Validate their feelings.
The member is calling, in part, to confirm you see this as a problem, too. Even if it’s not your fault, he thinks — for now — that it is your fault. Denying responsibility just makes him more annoyed.
You can validate his feelings without admitting responsibility. I suggest using phrases like, “That sounds frustrating” or “I’d be frustrated, too.”
Validation includes recapping his concern later in the call. This shows him you were paying attention, and it makes your frustrated member feel more confident that you’re going to fix this.
Don’t jump to assign blame… but recognize this might be your chamber’s fault.
Often, your member is freaking out about something your chamber did do. Maybe an employee was rude to him. Maybe you promised something by a particular deadline, but things slipped through the cracks, and now the member is upset.

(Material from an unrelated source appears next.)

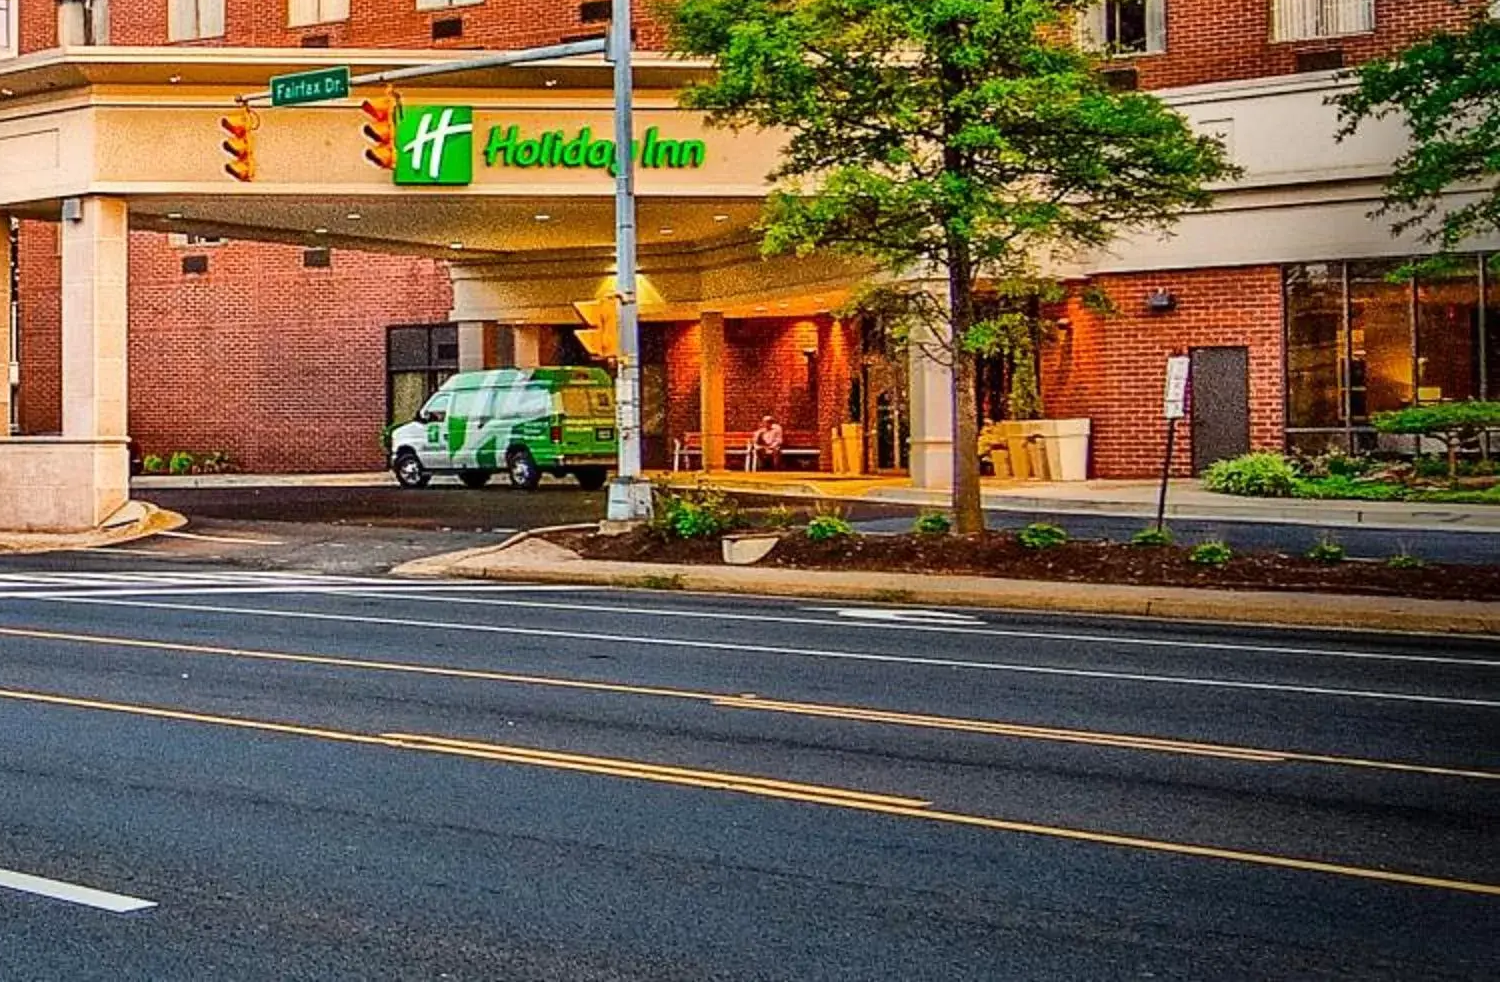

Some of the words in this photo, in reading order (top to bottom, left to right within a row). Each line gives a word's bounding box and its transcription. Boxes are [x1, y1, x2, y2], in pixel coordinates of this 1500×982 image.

[276, 80, 321, 99] Fairfax
[325, 78, 345, 94] Dr.
[642, 126, 706, 169] Inn

If it’s your chamber’s fault, you definitely need to fix it. Instead of jumping to a solution, ask what he wants.
Listen carefully, and take notes.
Practice active listening — listening, demonstrating you listened, and asking follow up questions to show you want to fully understand the issue.

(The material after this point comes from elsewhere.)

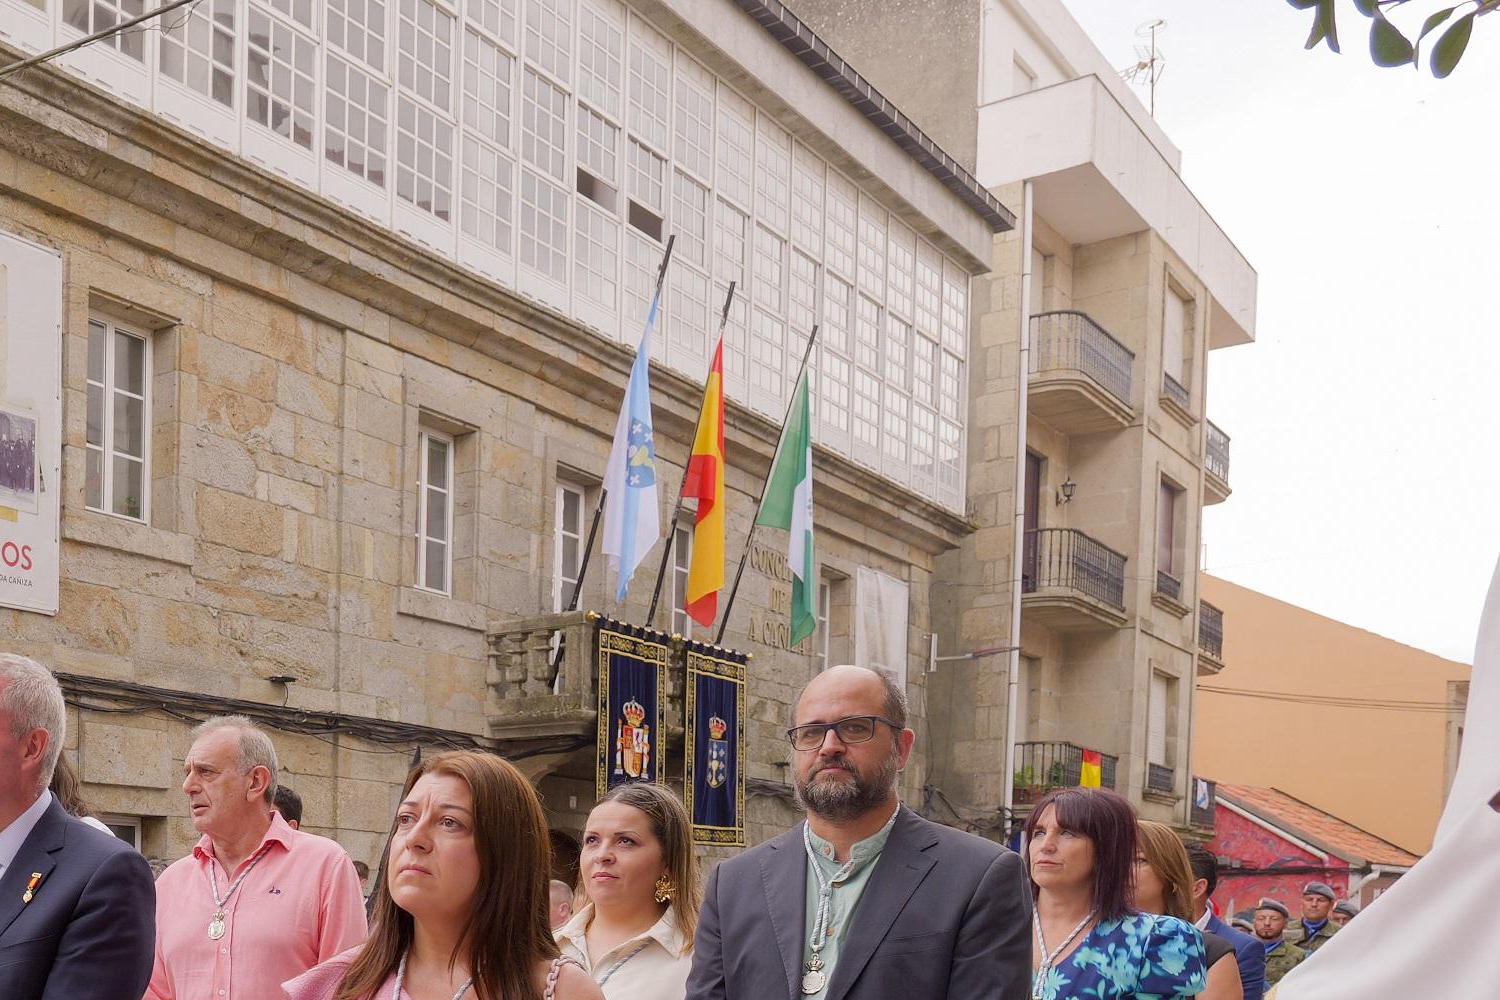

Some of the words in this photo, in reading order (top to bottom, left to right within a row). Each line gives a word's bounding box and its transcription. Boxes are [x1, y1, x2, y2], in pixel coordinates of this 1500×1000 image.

[8, 576, 33, 587] CAÑIZA
[771, 587, 786, 616] DE
[747, 616, 756, 642] A

If you have time before the call, open a document to type notes on what your member says. If a member calls you to freak out, take notes on whatever you can. But don’t let note-taking distract you from active listening.
Ask for their ideal outcome.
Don’t assume you know what they want. You won’t know what they want as an ideal outcome until you ask. Often, unhappy members request less than you’d be willing to give them. And if they demand more, you can always tell them you need to regroup and will follow up.
Let them know you’ll follow up shortly (and then do it).
You probably can’t resolve every problem during the initial call — that’s OK, but be sure to give members an estimate on when they’ll hear back from you.
Get additional information from your team to know what happened.
Odds are that you don’t know all the details of what went wrong. Once you’ve calmed the member down and promised to follow up, ask your team what happened.
Your goal is to piece together a picture of what happened — the specific problem as well as the cause. You’ll use this information to follow up with the member.
Update your member on the plan from there.
Based on what you find, let your member know your plan to fix things — based on his ideal outcome and what you’re willing to do.
Sometimes you’ll find your chamber had nothing to do with the freakout. In that case, point him to the appropriate resource. Since he is a valued member, it may be worth doing some of the legwork for him.
If you can’t fix what caused the freakout in one step, keep your member updated. This is one of the few times you shouldn’t delegate things — if you’re the person who handled the initial call, you should “own” communication with the member until he is satisfied with the outcome. If the member has to re-explain things to someone new, it’s just going to frustrate him further.
Later, discuss how to prevent similar situations in the future.
Above-average chambers are committed to continuous improvement. This means learning from your mistakes — and from your successes. Do a debrief with your team (three simple questions: what worked, what didn’t work, and what to do differently next time).
Are you seeing a pattern behind several member freakouts? In my experience, most chamber problems are symptoms of a larger systems failure. If your member freakouts are caused by systems problems, you need to fix the system to stop the freakouts.
Share this process with your team so they can start solving problems before they get to you.
Coach your team on handling problems themselves. Once you do this, the less you’ll get sucked into solving things every time. It’s part of making yourself “irrelevant” as a chamber leader.
If you don’t trust your employees to handle problems themselves, they’ll never take responsibility for solving the problems. Talk through how you handle member freakouts, and let your employees listen-in as you solve issues with unhappy member.
It may not happen overnight, but you’ll make life easier for yourself — and help your employees grow.